If all is successful, and you spend enough time and effort, you enter a stage called maintenance. The change has become natural or automatic. The old habit of dropping the legs and dragging through the fly has gone away.
Often we will do something called recycling. That is, you may come to the pool and find yourself at the precontemplation, contemplation, preparation, or action stage. A negative word for recycling is relapse. But it is perfectly normal and natural and is usually a necessary part of changing.
For example, during hard swims, you may be really tired, and you’re likely to forget to hold the body high in the water, and your swimsuit won’t show. Being successful has to do with how quickly you can get back to the action stage from wherever you went. That is, instead of thinking, “Boy I’m terrible. I’ll never swim the butterfly right. I’m going to just forget about staying high in the water,” encourage yourself with, “Come on. You can do it. If you don’t give up, you’ll make it.” Cheerleading and being positive does wonders for getting a change to stick.

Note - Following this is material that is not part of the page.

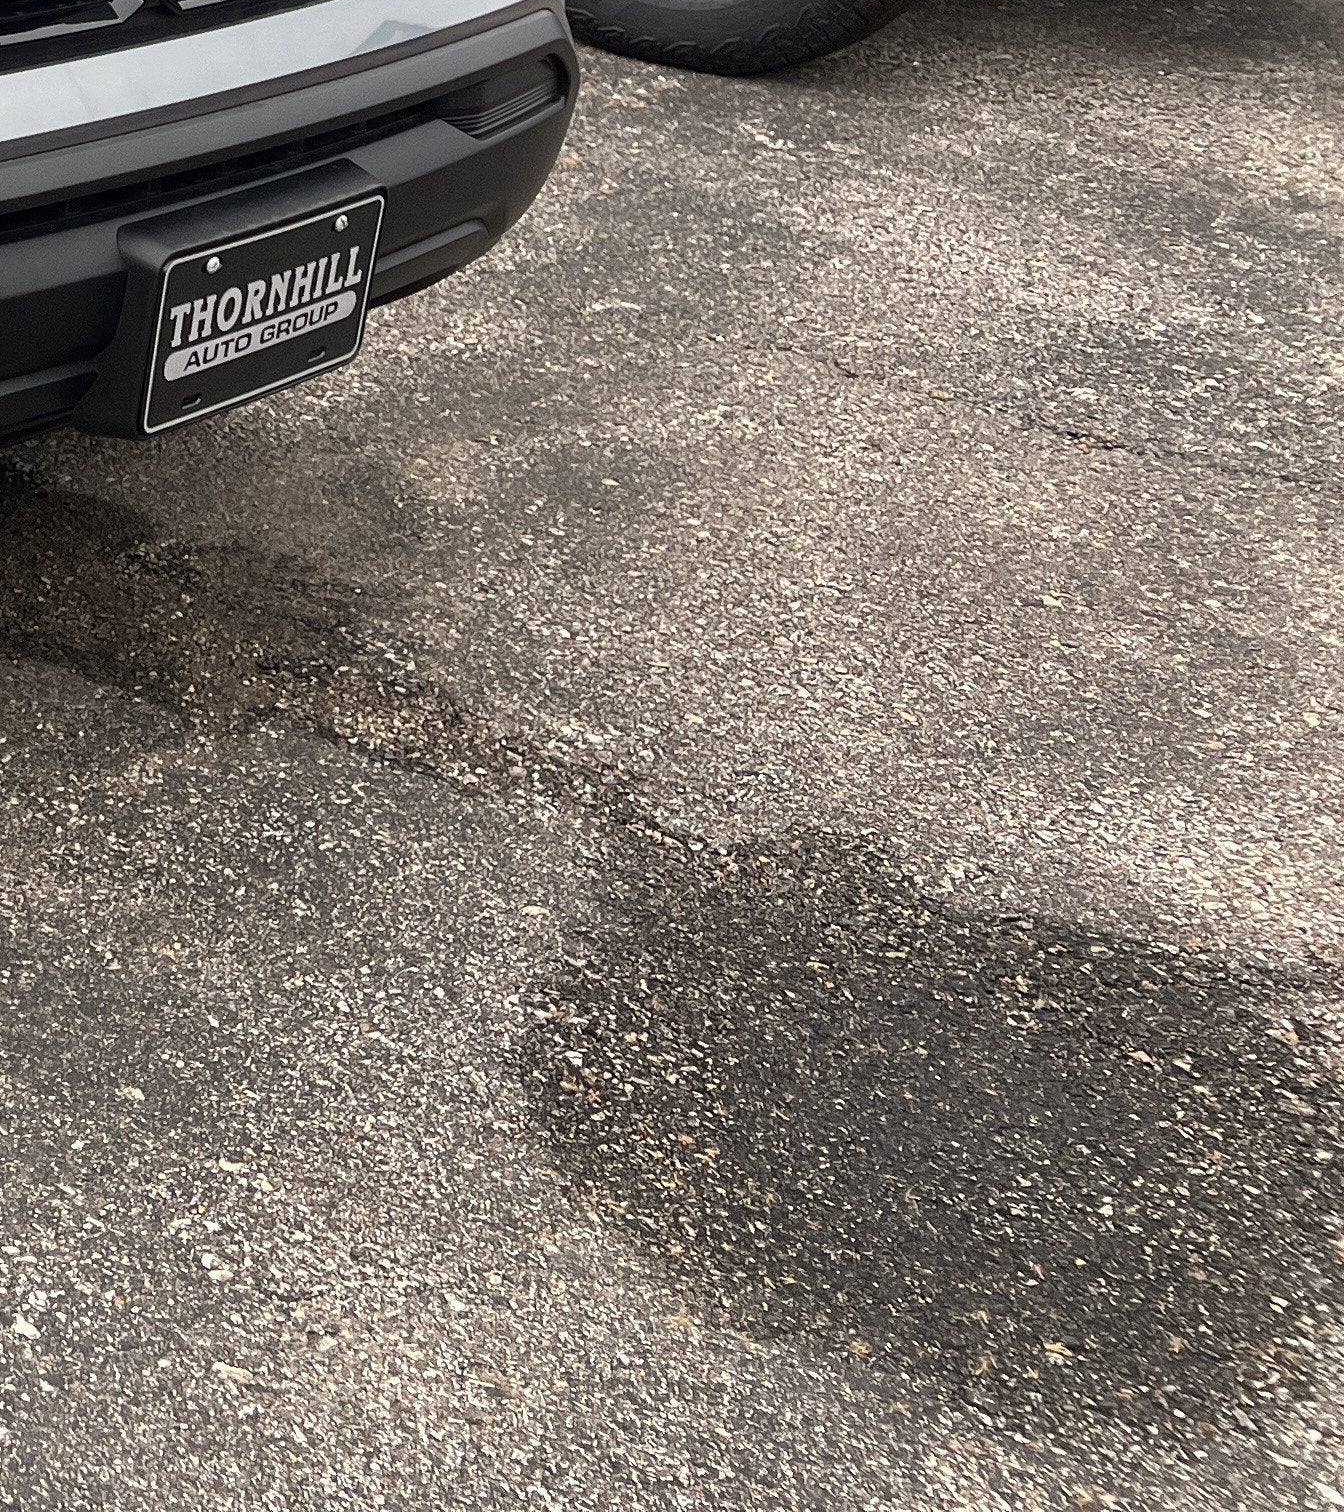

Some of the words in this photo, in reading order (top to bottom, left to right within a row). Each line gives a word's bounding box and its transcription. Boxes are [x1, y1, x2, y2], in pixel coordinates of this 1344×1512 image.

[169, 245, 363, 348] THORNHILL
[182, 332, 253, 372] AUTO
[259, 300, 339, 345] GROUP

In the case of the 40,000 smokers, it took each an average of 43 serious attempts to stop smoking forever. So the speed at which each returned to the action stage of not smoking was critical. For example if a 40-year-old smoker waits a couple of years between attempts to stop smoking, he or she may not succeed until 123 years old. That is, 43 attempts on average for success, times the number of years between attempts, plus starting age of 40. Any lack of speed in returning to the action phase explains why, to the uninformed smoker, it is easier to die than to quit smoking. If serious attempts and returns to action occur over less than a year or two, success is virtually assured.
And lastly, using our swimming example, you have made it. You will always swim the fly with your swimsuit showing every time your arms enter. It’s not an issue. You don’t think about it. It is no longer a change.

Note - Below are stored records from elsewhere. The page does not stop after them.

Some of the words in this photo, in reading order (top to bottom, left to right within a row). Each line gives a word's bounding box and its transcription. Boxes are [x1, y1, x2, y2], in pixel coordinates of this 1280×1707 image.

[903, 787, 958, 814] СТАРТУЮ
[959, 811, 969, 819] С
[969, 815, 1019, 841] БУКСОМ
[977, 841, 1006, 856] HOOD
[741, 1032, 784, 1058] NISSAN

If you think about this six-stage process you may begin to understand that all human change can be seen this way. It may involve changing drinking habits, eating habits, smoking habits, betting habits. It can describe our decision to open a door, to buy a new car, to have soup for dinner, to go on a date. In some cases much of our thinking is lightning fast, in other cases we die of the thing that needed to change.
With this, I wish all of you success in changing. Change and the ways we get to change seem to unite us all as human beings. Hopefully this knowledge will move each of us to great change.
Bill Ewan, 67, swims for New England Masters and helped create the NEM video clinics. Ewan has a Ph.D. from University of California, Berkeley in linguistics and spent much of his career in speech research and working as a behavioral therapist at a psychiatric hospital.